▽
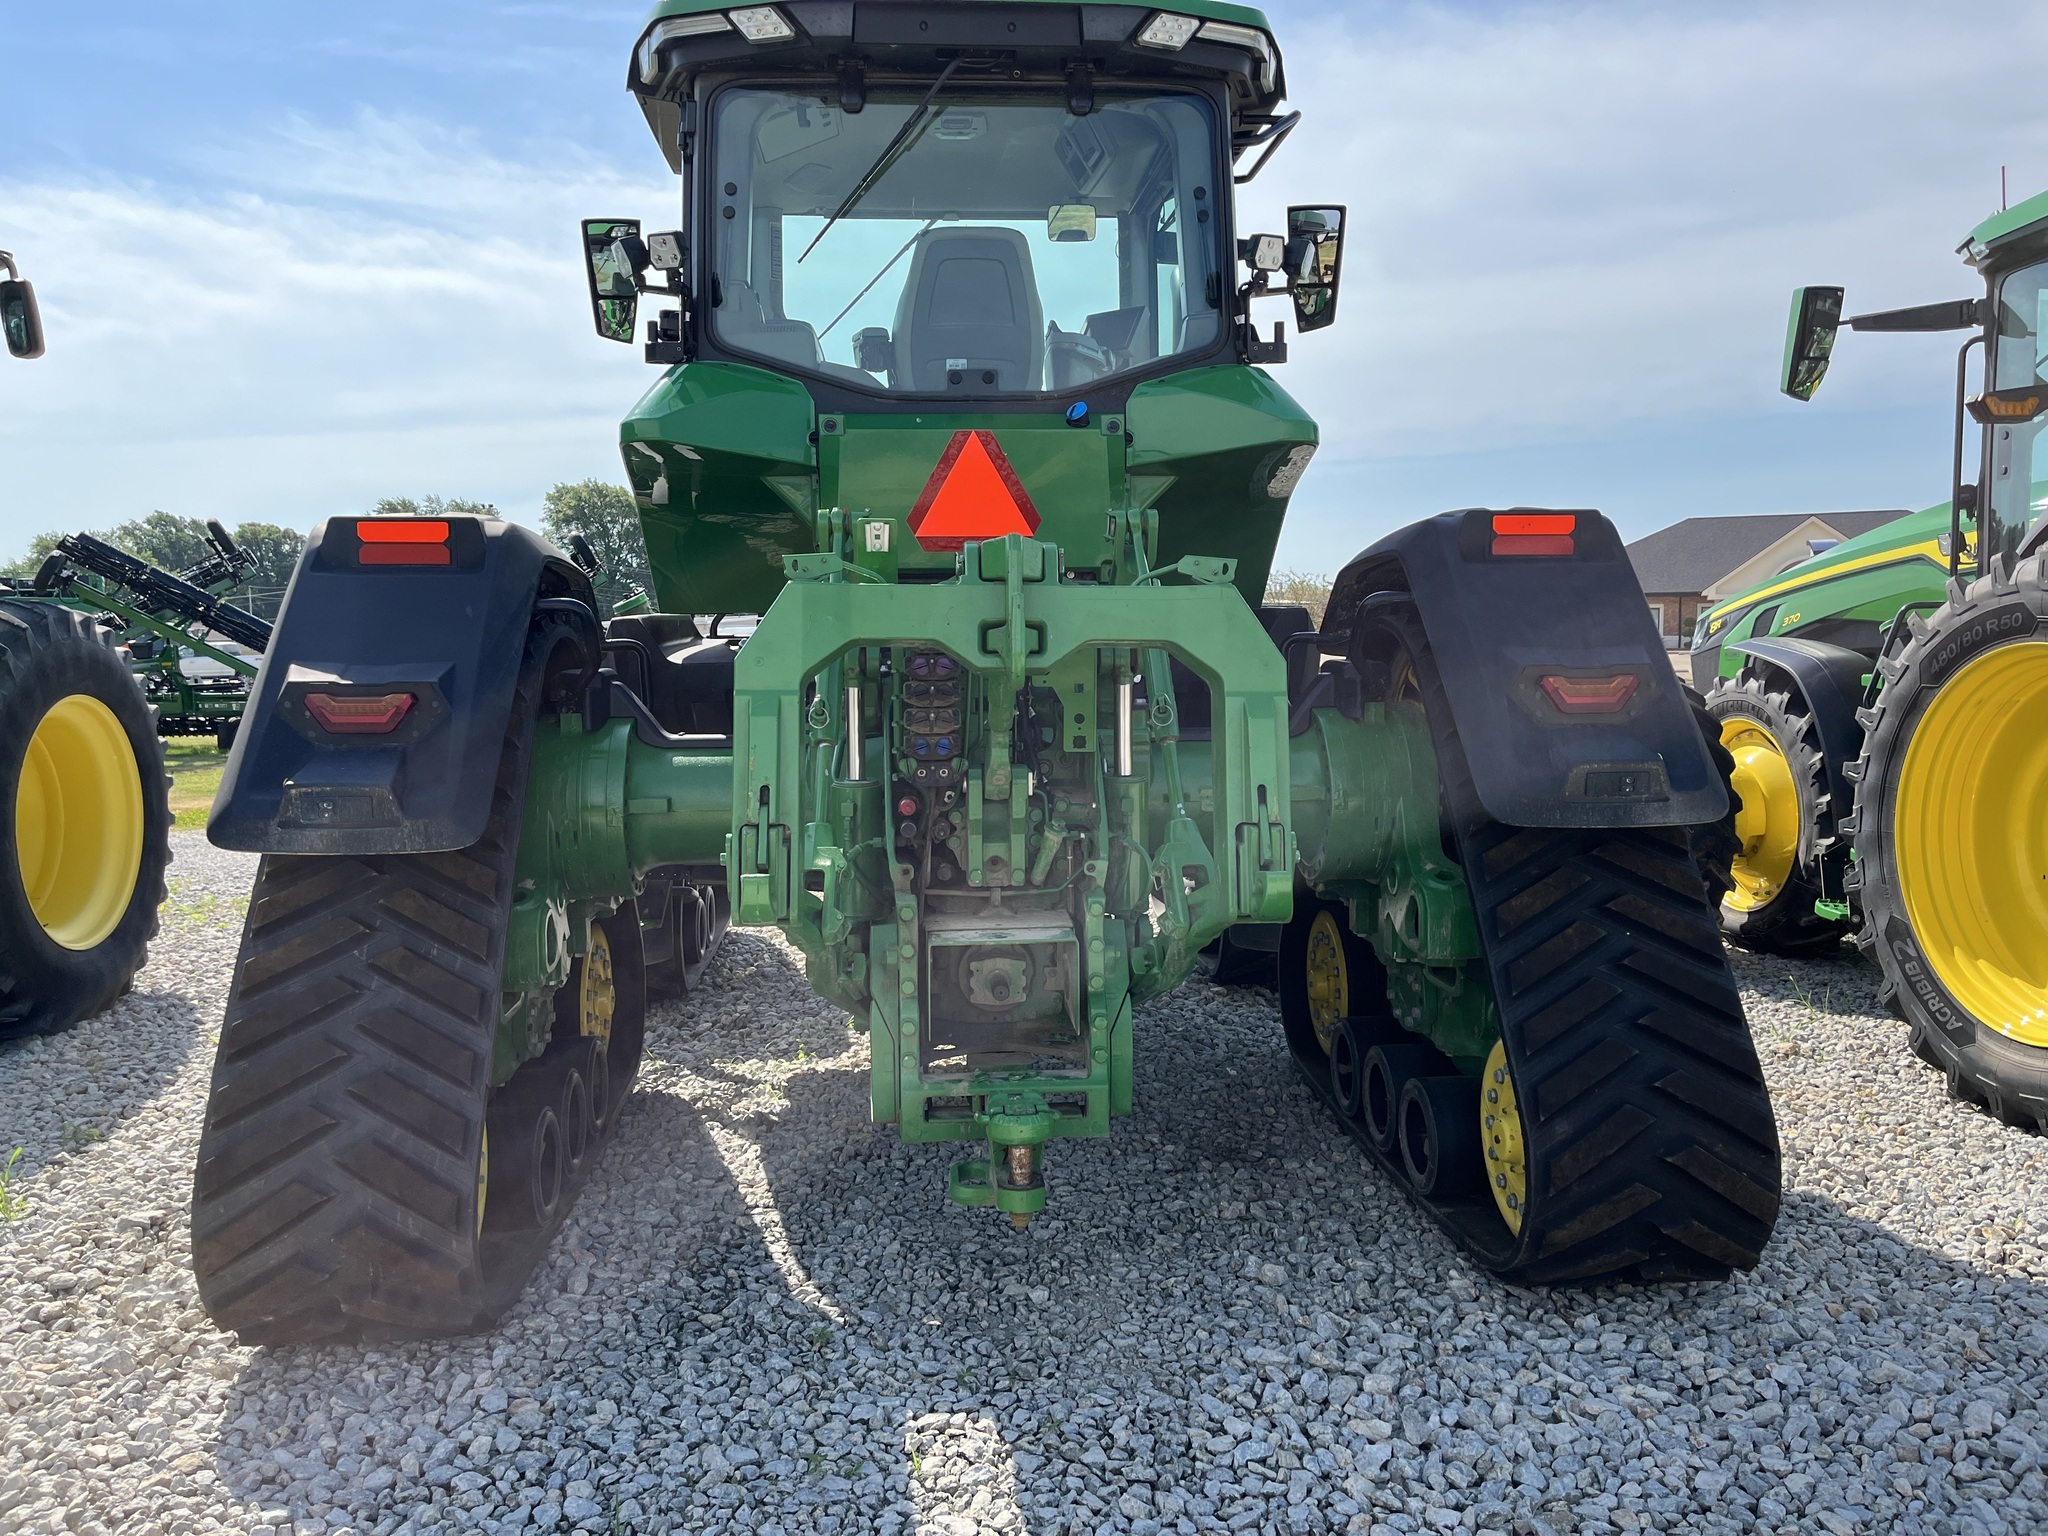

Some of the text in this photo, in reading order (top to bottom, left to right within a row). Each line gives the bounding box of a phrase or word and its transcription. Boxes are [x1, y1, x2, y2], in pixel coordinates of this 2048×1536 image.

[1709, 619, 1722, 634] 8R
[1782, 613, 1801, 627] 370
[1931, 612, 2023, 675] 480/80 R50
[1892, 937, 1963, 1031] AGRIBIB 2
△
▽
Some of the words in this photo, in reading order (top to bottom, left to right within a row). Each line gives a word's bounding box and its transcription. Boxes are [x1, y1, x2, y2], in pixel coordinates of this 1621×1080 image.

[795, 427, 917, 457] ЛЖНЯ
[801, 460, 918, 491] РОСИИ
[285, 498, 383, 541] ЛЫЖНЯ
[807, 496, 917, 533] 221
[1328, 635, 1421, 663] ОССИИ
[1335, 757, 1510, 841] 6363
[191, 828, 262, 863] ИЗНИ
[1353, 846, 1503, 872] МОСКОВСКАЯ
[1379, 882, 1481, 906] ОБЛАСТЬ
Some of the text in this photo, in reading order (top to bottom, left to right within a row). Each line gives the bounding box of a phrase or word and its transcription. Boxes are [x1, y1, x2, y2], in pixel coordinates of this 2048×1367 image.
△
▽
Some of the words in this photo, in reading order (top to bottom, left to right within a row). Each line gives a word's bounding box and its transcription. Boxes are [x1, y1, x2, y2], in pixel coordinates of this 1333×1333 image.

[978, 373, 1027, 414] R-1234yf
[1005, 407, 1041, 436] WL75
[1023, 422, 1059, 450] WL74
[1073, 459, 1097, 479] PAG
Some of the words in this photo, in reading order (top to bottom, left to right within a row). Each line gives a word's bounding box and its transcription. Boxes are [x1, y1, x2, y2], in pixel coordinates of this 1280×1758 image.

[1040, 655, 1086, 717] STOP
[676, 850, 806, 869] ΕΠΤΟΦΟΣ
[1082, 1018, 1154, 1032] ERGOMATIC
△
* [TASK PROMPT]:
Please return only the lines above, starting at the line that has "this 1621×1080 image." and ending at the line that has "this 2048×1367 image.", keeping both and leaving each one unchanged.

* [SOLVED PROBLEM]:
Some of the words in this photo, in reading order (top to bottom, left to right within a row). Each line gives a word's bounding box and its transcription. Boxes are [x1, y1, x2, y2], in pixel coordinates of this 1621×1080 image.

[795, 427, 917, 457] ЛЖНЯ
[801, 460, 918, 491] РОСИИ
[285, 498, 383, 541] ЛЫЖНЯ
[807, 496, 917, 533] 221
[1328, 635, 1421, 663] ОССИИ
[1335, 757, 1510, 841] 6363
[191, 828, 262, 863] ИЗНИ
[1353, 846, 1503, 872] МОСКОВСКАЯ
[1379, 882, 1481, 906] ОБЛАСТЬ
Some of the text in this photo, in reading order (top to bottom, left to right within a row). Each line gives the bounding box of a phrase or word and its transcription. Boxes are [x1, y1, x2, y2], in pixel coordinates of this 2048×1367 image.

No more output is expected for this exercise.